The difference between Thursday's and the previous projection is small, and likewise with the new projection and financial market pricing, so may explain why the Krone took the statement in its stride rather than as cause for celebration. But if Capital Economics is right in its expectations, the Norwegian Krone could find its feet again before long.
The prospect of Norway becoming the first major economy to embark on an interest rate hiking cycle, more so one which comes sooner and steeper than markets anticipate, is a supportive feather in the cap of a currency that also appears to be viewed in Oslo as ancillary aid in the inflation-targeting toolbox.
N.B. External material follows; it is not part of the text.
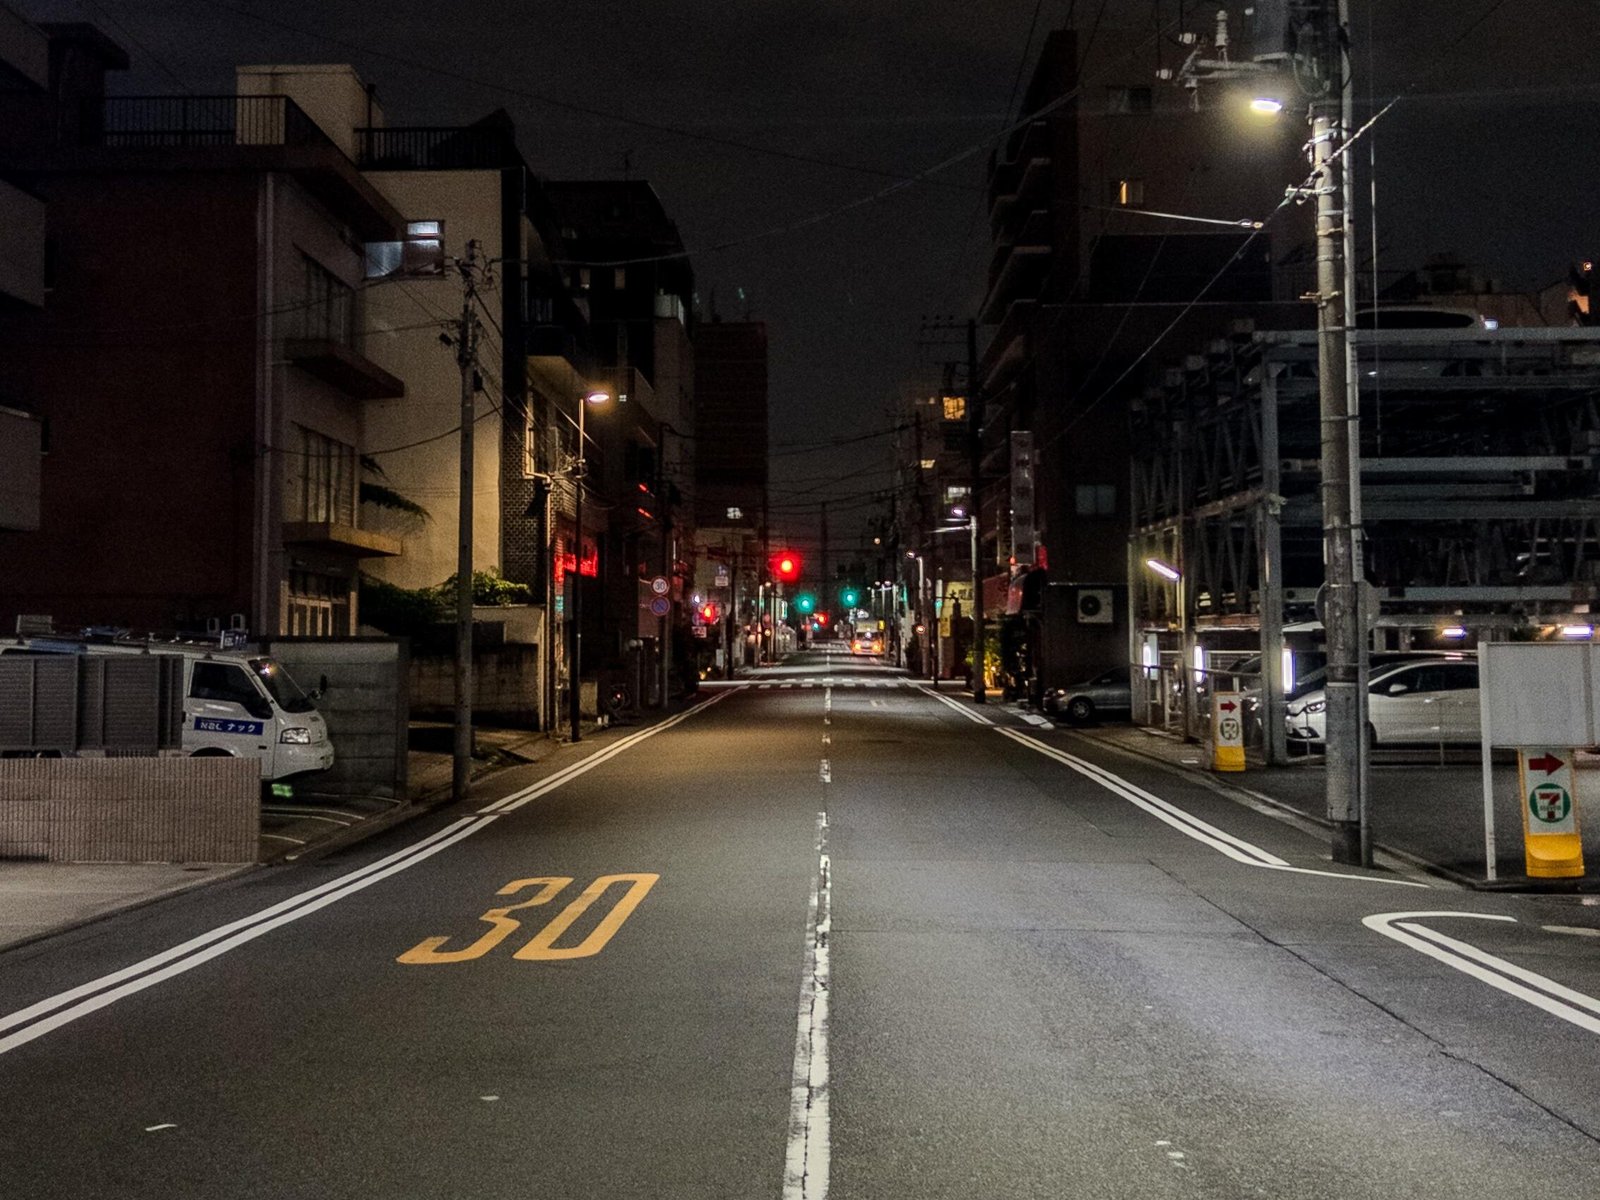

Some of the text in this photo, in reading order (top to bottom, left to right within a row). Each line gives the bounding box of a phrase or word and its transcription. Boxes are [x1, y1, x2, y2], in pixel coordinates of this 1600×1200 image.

"There are some signs of higher cost growth both globally and in Norway, but the krone appreciation and prospects for moderate wage growth suggest that inflation will move down ahead," the Bank said Thursday. "The Committee also placed weight on the marked rise in house prices since spring 2020."
Exchange rates including those of Norway tend to rise in response to expectations of higher interest rates but in the process stronger currencies act to reduce the cost of imported goods and services, which means they can act to reduce inflation without the need for a central bank to lift borrowing costs.
Interest rate changes and tools like quantitative easing are generally preferred by central bankers for controlling inflation but as has been demonstrated by frequently voiced European Central Bank (ECB) concerns about strength in the Euro; currency moves are far from being insignificant factors.
"The Committee is still concerned that house prices have risen markedly since spring," says Oddmund Berg, a macro economist at DNB Markets. "The rate path has the policy rate lifted in the second half of 2021, gradually increasing to 0.75% in Q4 2022. The new path reaches a top of 1.36% in Q4 2024."
Norway's Krone can only delay interest rate rises for so long however, and partly due to the trajectory of prices in the housing market, which is less readily influenced by exchange rates. "A long period of low interest rates increases the risk of a build-up of financial imbalances," Norges Bank said Thursday.
"Norges Bank shows itself to be the hawkish outlier in an otherwise cautious central bank arena. And it's cemented the NOK's rather attractive position within the G10 FX space. The break below the EUR/NOK 10.00 level seems only a matter of time," says Petr Krpata, chief EMEA strategist for FX and rates at ING. "NOK should benefit from the constructive outlook on the oil prices this year as well as the expected recovery of the eurozone and Norwegian economies from Q2 onwards. As a currency with one of the highest betas in G10 FX, the expected friendly risk environment should help facilitate NOK upside."
The Krone has been vying with Sterling and the Canadian Dollar for top spot in the league table in 2021 but over a longer one-year lookback window the Nordic unit has been the winner by a country mile.
USD/NOK had fallen -1.57% during the 2021 year-to-date on Thursday, less than the -2.4% fall in USD/CAD or the 2.2% increase seen in GBP/USD. However, USD/NOK remained -25% lower over a one-year lookback, reflecting far larger gains for the Krone than were seen by either Sterling or the Loonie.
Thursday's GBP/NOK rate of 11.77 was -8.9% over a one-year lookback while the Euro-Krone of 10.06 was -3.4% for 2021 and -17.5% over 12 months.